* _What is required_:
All of the data below needs to be set down once more, exactly as written.

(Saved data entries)
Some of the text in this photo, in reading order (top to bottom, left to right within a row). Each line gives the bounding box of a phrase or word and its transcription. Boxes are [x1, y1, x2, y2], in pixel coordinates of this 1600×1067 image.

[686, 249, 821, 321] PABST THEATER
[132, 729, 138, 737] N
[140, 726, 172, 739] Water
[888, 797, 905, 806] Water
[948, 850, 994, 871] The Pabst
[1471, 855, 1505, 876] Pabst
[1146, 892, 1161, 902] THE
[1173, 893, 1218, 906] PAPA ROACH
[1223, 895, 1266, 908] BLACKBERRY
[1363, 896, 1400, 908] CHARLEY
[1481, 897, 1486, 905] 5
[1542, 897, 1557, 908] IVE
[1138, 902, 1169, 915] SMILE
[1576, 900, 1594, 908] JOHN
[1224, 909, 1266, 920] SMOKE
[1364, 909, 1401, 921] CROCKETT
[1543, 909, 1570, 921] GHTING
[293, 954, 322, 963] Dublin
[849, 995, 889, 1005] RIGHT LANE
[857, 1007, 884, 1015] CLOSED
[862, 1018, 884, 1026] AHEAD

* _Solved exercise_:
Some of the text in this photo, in reading order (top to bottom, left to right within a row). Each line gives the bounding box of a phrase or word and its transcription. Boxes are [x1, y1, x2, y2], in pixel coordinates of this 1600×1067 image.

[686, 249, 821, 321] PABST THEATER
[132, 729, 138, 737] N
[140, 726, 172, 739] Water
[888, 797, 905, 806] Water
[948, 850, 994, 871] The Pabst
[1471, 855, 1505, 876] Pabst
[1146, 892, 1161, 902] THE
[1173, 893, 1218, 906] PAPA ROACH
[1223, 895, 1266, 908] BLACKBERRY
[1363, 896, 1400, 908] CHARLEY
[1481, 897, 1486, 905] 5
[1542, 897, 1557, 908] IVE
[1138, 902, 1169, 915] SMILE
[1576, 900, 1594, 908] JOHN
[1224, 909, 1266, 920] SMOKE
[1364, 909, 1401, 921] CROCKETT
[1543, 909, 1570, 921] GHTING
[293, 954, 322, 963] Dublin
[849, 995, 889, 1005] RIGHT LANE
[857, 1007, 884, 1015] CLOSED
[862, 1018, 884, 1026] AHEAD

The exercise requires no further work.